Every cell tower is in use, just knowing how many people were using a tower near the accident at a given time is of no value.

I'm not sure there's any controversy about this at all amongst the scientific community. Drivers on cell phones have been reliably associated with car accidents, and there's a fair bit of evidence that using a hands-free device doesn't help, which suggests that the challenge is attentional, not manual.

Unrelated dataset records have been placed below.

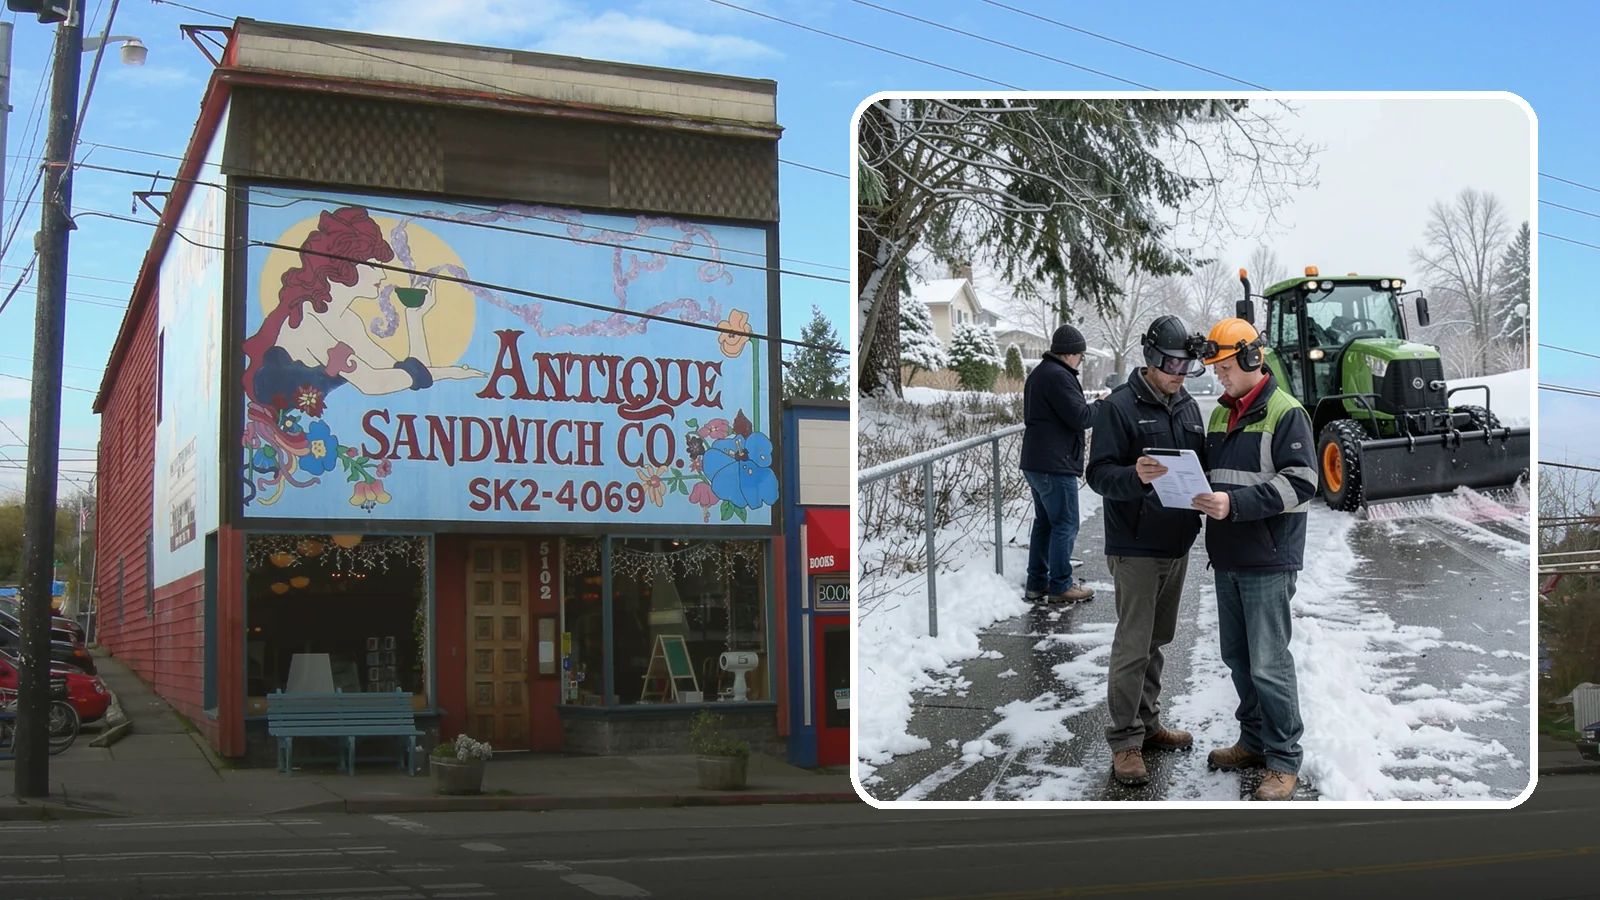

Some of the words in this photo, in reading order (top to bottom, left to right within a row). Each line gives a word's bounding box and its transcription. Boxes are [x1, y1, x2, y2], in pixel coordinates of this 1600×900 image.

[475, 329, 725, 421] ANTIQUE
[361, 408, 604, 467] SANDWICH
[616, 421, 685, 469] CO.
[469, 476, 646, 512] SK2-4069
[540, 541, 552, 600] 5102
[809, 555, 835, 569] BOOKS

The intellectual challenge of scientific research is to come up with experimental designs that allow you to test hypotheses while minimizing expense, time, and risk to the participants. Researchers have come up with several ways of measuring the risk of cell phone distractions to drivers. A quick look at Google Scholar gets you papers on driving safety and cell phones from the Journal of Experimental Psychology: Applied (Strayer, Drews & Johnstone, 2003), another from Accident Analysis & Prevention (Matthews, Legg & Charlton, 2003), Human Factors (Strayer & Drews, 2004) and a piece that comes closest to answering your question directly, in BMJ [British Medical Journal]:

Role of mobile phones in motor vehicle crashes resulting in hospital attendance: a case-crossover study (McEvoy, Stevenson, McCartt, Woodward, Haworth, Palamara & Circarelli, 2005).

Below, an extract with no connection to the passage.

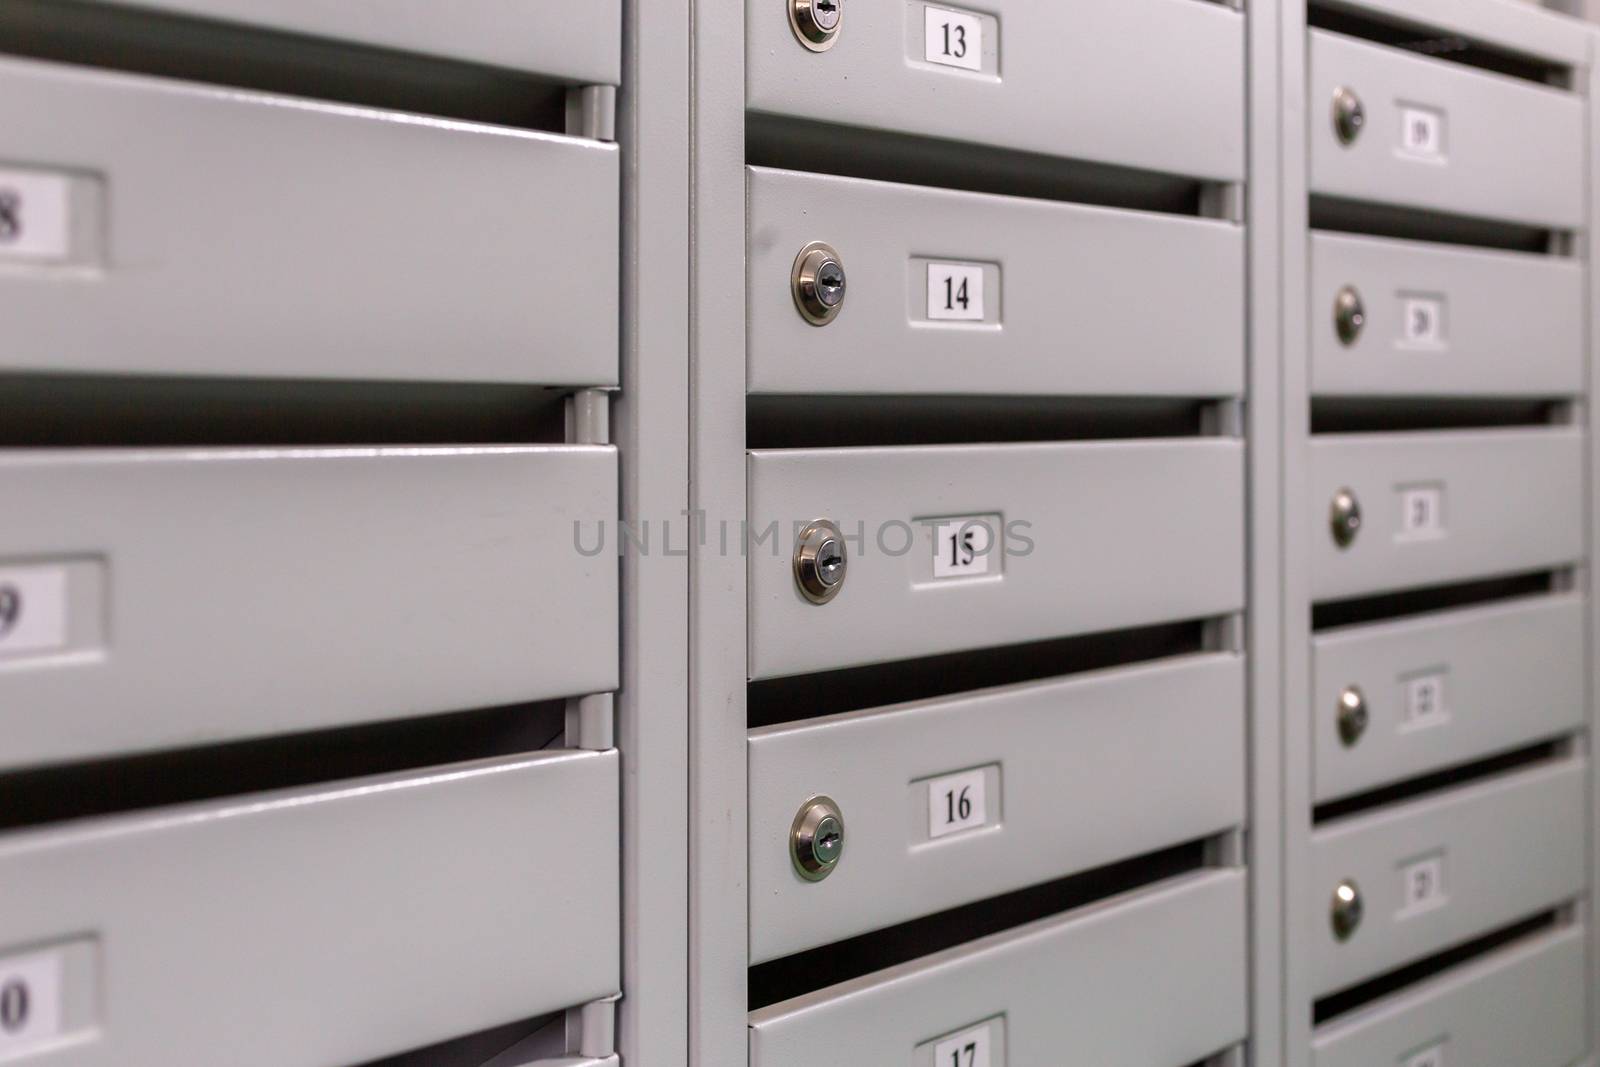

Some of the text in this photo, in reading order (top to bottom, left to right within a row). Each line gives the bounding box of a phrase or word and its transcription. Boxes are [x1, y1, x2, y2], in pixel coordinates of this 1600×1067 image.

[940, 22, 968, 58] 13
[943, 275, 970, 311] 14
[948, 531, 975, 567] 15
[945, 785, 972, 824] 16

The findings are available at http://www.bmj.com/cgi/content/abstract/331/7514/428, but I can summarize here. They looked at 456 drivers who owned or used cell phones and had been injured in accidents seriously enough to require a hospital visit. Researchers checked to see who used their cell phone within ten minutes before their accident, and compared that to their cell phone use around trips at the same time of day in the previous week. "Driver's use of a mobile phone up to 10 minutes before a crash was associated with a fourfold increased likelihood of crashing (odds ratio 4.1, 95% confidence interval 2.2 to 7.7, P < 0.001)." Or, as the researchers concluded, "When drivers use a mobile phone there is an increased likelihood of a crash resulting in injury. Using a hands-free phone is not any safer."

A fourfold increase in the risk of crashing, with a P < 0.001, is weighty evidence.

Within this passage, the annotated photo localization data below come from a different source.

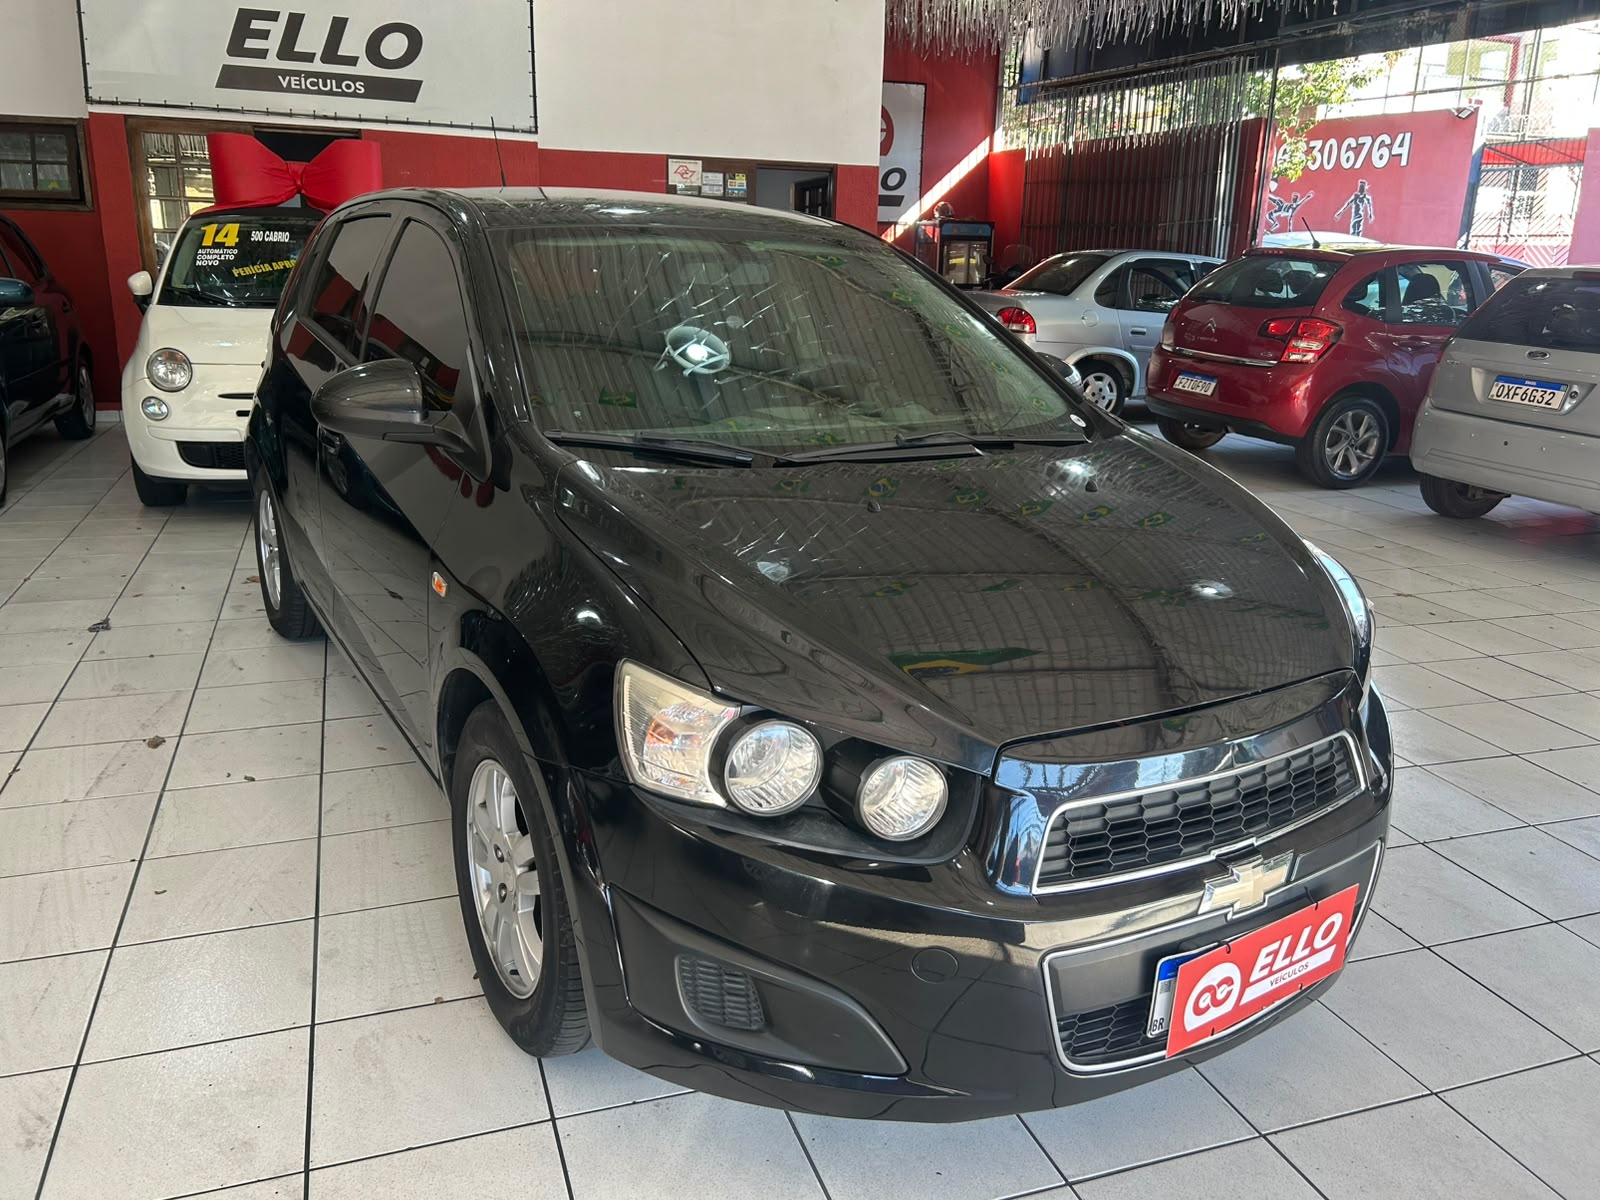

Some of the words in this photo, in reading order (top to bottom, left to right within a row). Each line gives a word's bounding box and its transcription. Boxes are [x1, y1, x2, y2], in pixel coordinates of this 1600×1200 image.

[226, 8, 423, 69] ELLO
[278, 74, 365, 93] VEÍCULOS
[201, 223, 240, 246] 14
[250, 231, 264, 241] 500
[264, 231, 290, 242] CABRIO
[232, 263, 273, 277] PERÍCIA
[1495, 384, 1556, 405] OXF6G32
[1249, 912, 1343, 982] ELLO
[1269, 961, 1310, 987] VEÍCULOS
[1152, 1017, 1165, 1032] BR
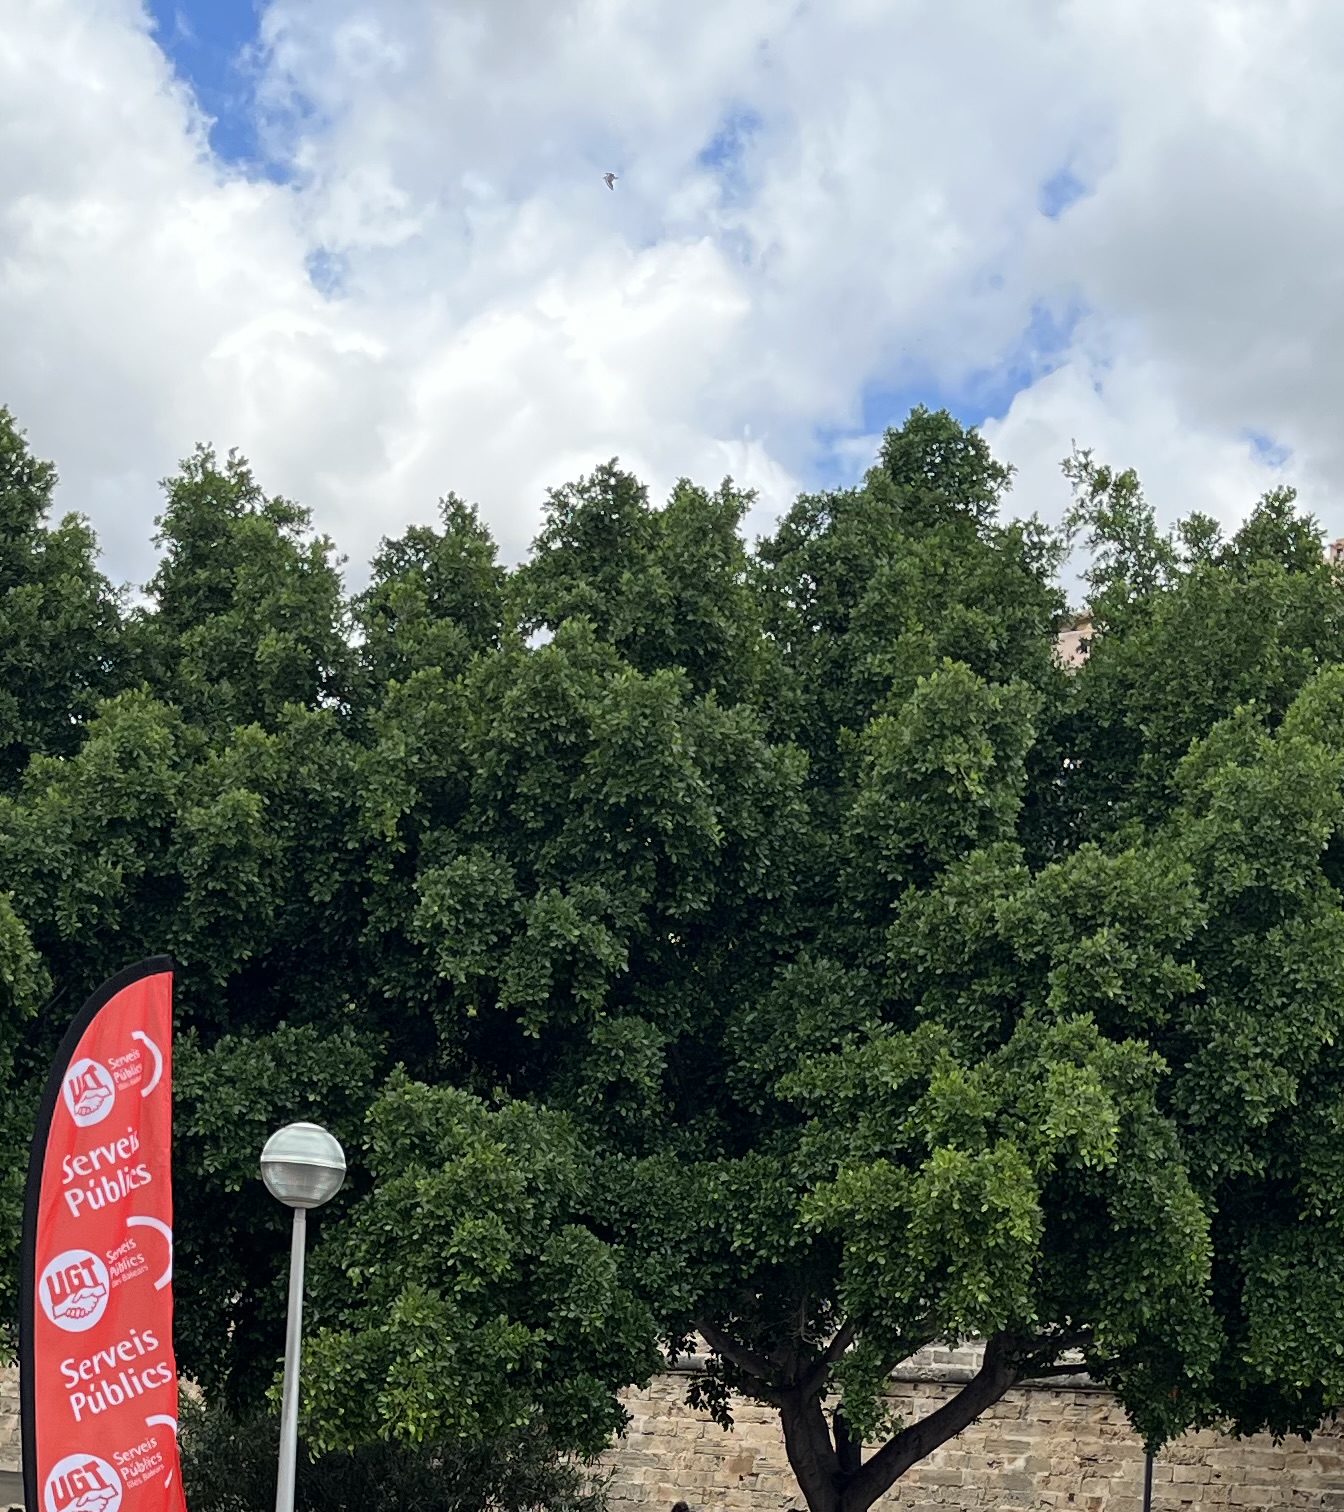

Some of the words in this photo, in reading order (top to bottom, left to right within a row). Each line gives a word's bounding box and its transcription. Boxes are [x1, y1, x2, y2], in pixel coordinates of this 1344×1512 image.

[62, 1127, 140, 1184] Serveis
[64, 1163, 152, 1218] Públics
[46, 1256, 96, 1297] UGT
[60, 1328, 159, 1389] Serveis
[70, 1361, 173, 1422] Públics
[112, 1437, 158, 1466] Serveis
[120, 1452, 163, 1481] Públics
[51, 1460, 108, 1504] UGT

As Linda pointed out, there is little value in doing this study, but I'll explain why it is a bit more anonymous than you think. First, the database is spread across multiple vendors, never all in one place. Second, it is transient. Data can be discarded after a month or two. Third, it needs only track a location history, with no relationship to any subscriber identification. There is still a privacy risk, but not much greater than the existing privacy risk. Assuming that it can be done at all (which I still question), this has the organizational benefit that it would be policy to not collect identifying information when gathering location. At present, the policy is open.

I do have doubts about it's feasibility. Most of the electronics that I have seen uses RAKE transceivers. These do not internally track distance or angle information. They only track phase shift and frequency shift correlation numbers. The correlation numbers need never leave the transceiver. Pulling this numbers out to get more detailed information than cell tower is not fast or easy. They are rapidly changing, and converting them into angle and distance is subject to a lot of ambiguity. I could see it being reasonable if I had already identified a particular target to track,e.g., e911, but not as a general practice. Easiest is tapping into GPS equiped cell phones.

History is littered with stories of people who thought they anonymised data and later discovered something they did not think of. The only surefire method is not collecting. That doesn't mean there aren't better ways to do it than others, of course.

Accident locations are a public record, police reports are a public record, so you can't keep those away from those with the carrier database.

Of course, another thing I didn't point out is that the carriers do not want solid evidence that talking on cell phones, even with a headset, is dangerous!